[TASK DETAILS]
Leave out the pictures, then return the records word for word.

### INPUT FOR THIS TASK ###

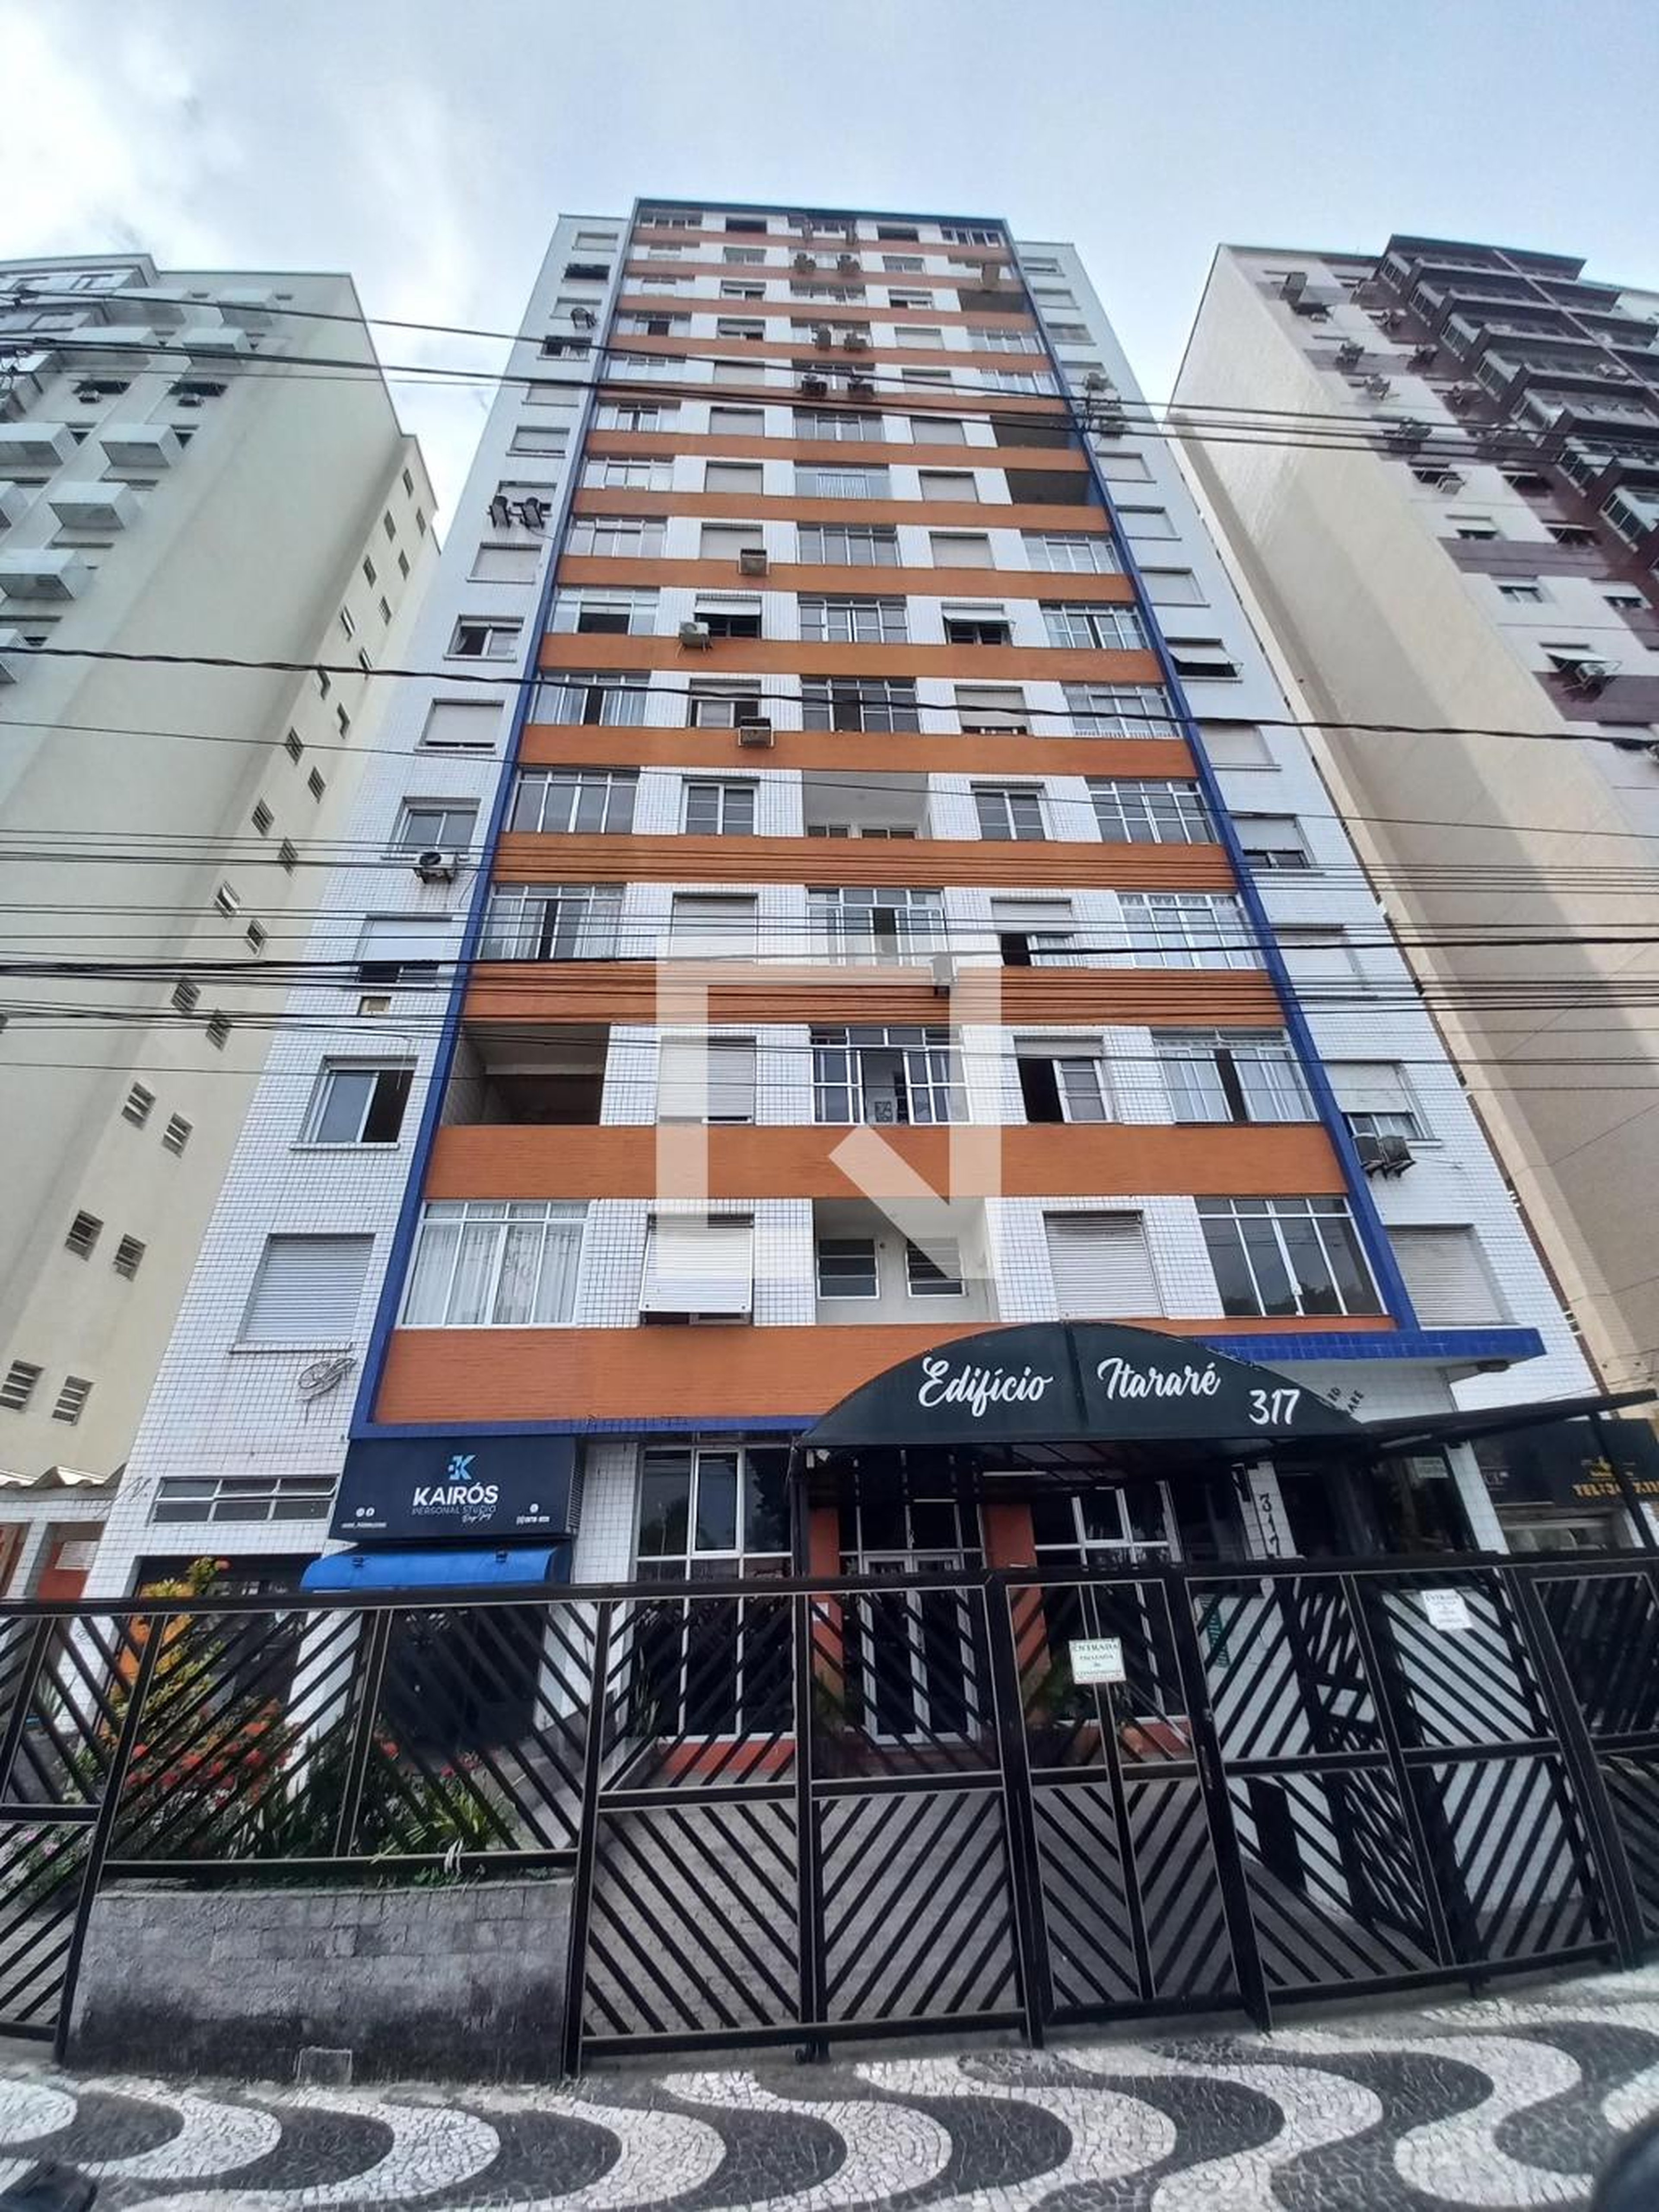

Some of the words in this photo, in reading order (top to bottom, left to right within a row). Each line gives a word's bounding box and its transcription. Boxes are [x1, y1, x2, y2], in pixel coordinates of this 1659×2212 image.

[918, 1356, 1053, 1417] Edifício
[1097, 1357, 1220, 1400] Itararé
[1249, 1388, 1300, 1425] 317
[412, 1506, 460, 1515] PERSONAL
[463, 1505, 497, 1514] STUDIO
[413, 1482, 499, 1506] KAIRÓS
[1260, 1493, 1281, 1556] 317
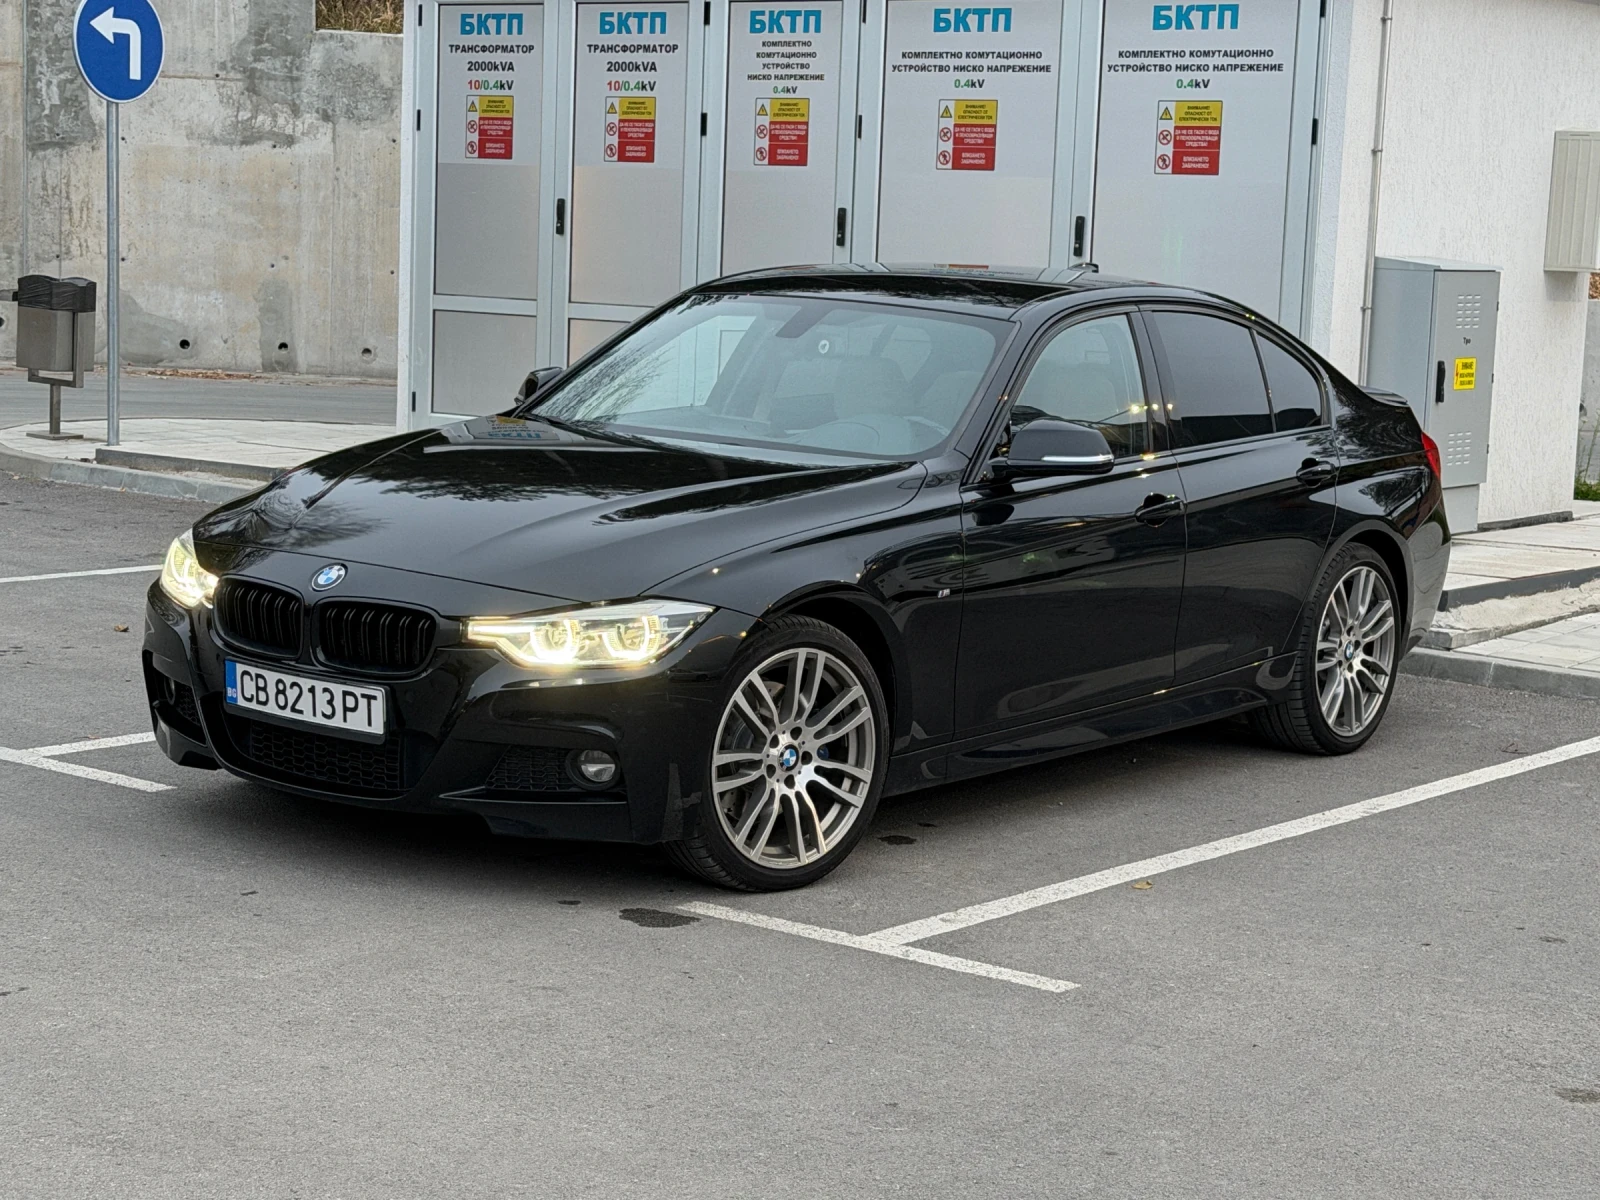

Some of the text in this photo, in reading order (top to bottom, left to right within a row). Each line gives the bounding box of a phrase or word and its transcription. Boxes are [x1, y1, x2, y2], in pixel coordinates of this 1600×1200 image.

[749, 10, 822, 34] БКТП
[933, 8, 1012, 33] БКТП
[1152, 4, 1239, 30] БКТП
[460, 13, 523, 35] БКТП
[599, 12, 667, 34] БКТП
[448, 44, 535, 54] ТРАНСФОРМАТОР
[587, 44, 679, 54] ТРАНСФОРМАТОР
[1118, 49, 1274, 60] КОМПЛЕКТНО КОМУТАЦИОННО
[756, 51, 817, 60] КОМУТАЦИОННО
[901, 51, 1043, 61] КОМПЛЕКТНО КОМУТАЦИОННО
[467, 61, 515, 72] 2000kVA
[606, 61, 657, 73] 2000kVA
[762, 62, 811, 70] УСТРОЙСТВО
[891, 63, 1052, 73] УСТРОЙСТВО НИСКО НАПРЕЖЕНИЕ
[1107, 63, 1285, 73] УСТРОЙСТВО НИСКО НАПРЕЖЕНИЕ
[774, 73, 825, 81] НАПРЕЖЕНИЕ
[468, 80, 514, 91] 10/0.4kV
[607, 80, 657, 92] 10/0.4kV
[954, 79, 985, 89] 0.4kV
[1176, 79, 1211, 89] 0.4kV
[773, 86, 798, 94] 0.4kV
[227, 687, 237, 698] BG
[240, 669, 378, 728] CB 8213 PT

###

[RESULT OF THIS EXERCISE]
Some of the words in this photo, in reading order (top to bottom, left to right within a row). Each line gives a word's bounding box and its transcription. Boxes are [x1, y1, x2, y2], in pixel coordinates of this 1659×2212 image.

[918, 1356, 1053, 1417] Edifício
[1097, 1357, 1220, 1400] Itararé
[1249, 1388, 1300, 1425] 317
[412, 1506, 460, 1515] PERSONAL
[463, 1505, 497, 1514] STUDIO
[413, 1482, 499, 1506] KAIRÓS
[1260, 1493, 1281, 1556] 317

Some of the text in this photo, in reading order (top to bottom, left to right within a row). Each line gives the bounding box of a phrase or word and its transcription. Boxes are [x1, y1, x2, y2], in pixel coordinates of this 1600×1200 image.

[749, 10, 822, 34] БКТП
[933, 8, 1012, 33] БКТП
[1152, 4, 1239, 30] БКТП
[460, 13, 523, 35] БКТП
[599, 12, 667, 34] БКТП
[448, 44, 535, 54] ТРАНСФОРМАТОР
[587, 44, 679, 54] ТРАНСФОРМАТОР
[1118, 49, 1274, 60] КОМПЛЕКТНО КОМУТАЦИОННО
[756, 51, 817, 60] КОМУТАЦИОННО
[901, 51, 1043, 61] КОМПЛЕКТНО КОМУТАЦИОННО
[467, 61, 515, 72] 2000kVA
[606, 61, 657, 73] 2000kVA
[762, 62, 811, 70] УСТРОЙСТВО
[891, 63, 1052, 73] УСТРОЙСТВО НИСКО НАПРЕЖЕНИЕ
[1107, 63, 1285, 73] УСТРОЙСТВО НИСКО НАПРЕЖЕНИЕ
[774, 73, 825, 81] НАПРЕЖЕНИЕ
[468, 80, 514, 91] 10/0.4kV
[607, 80, 657, 92] 10/0.4kV
[954, 79, 985, 89] 0.4kV
[1176, 79, 1211, 89] 0.4kV
[773, 86, 798, 94] 0.4kV
[227, 687, 237, 698] BG
[240, 669, 378, 728] CB 8213 PT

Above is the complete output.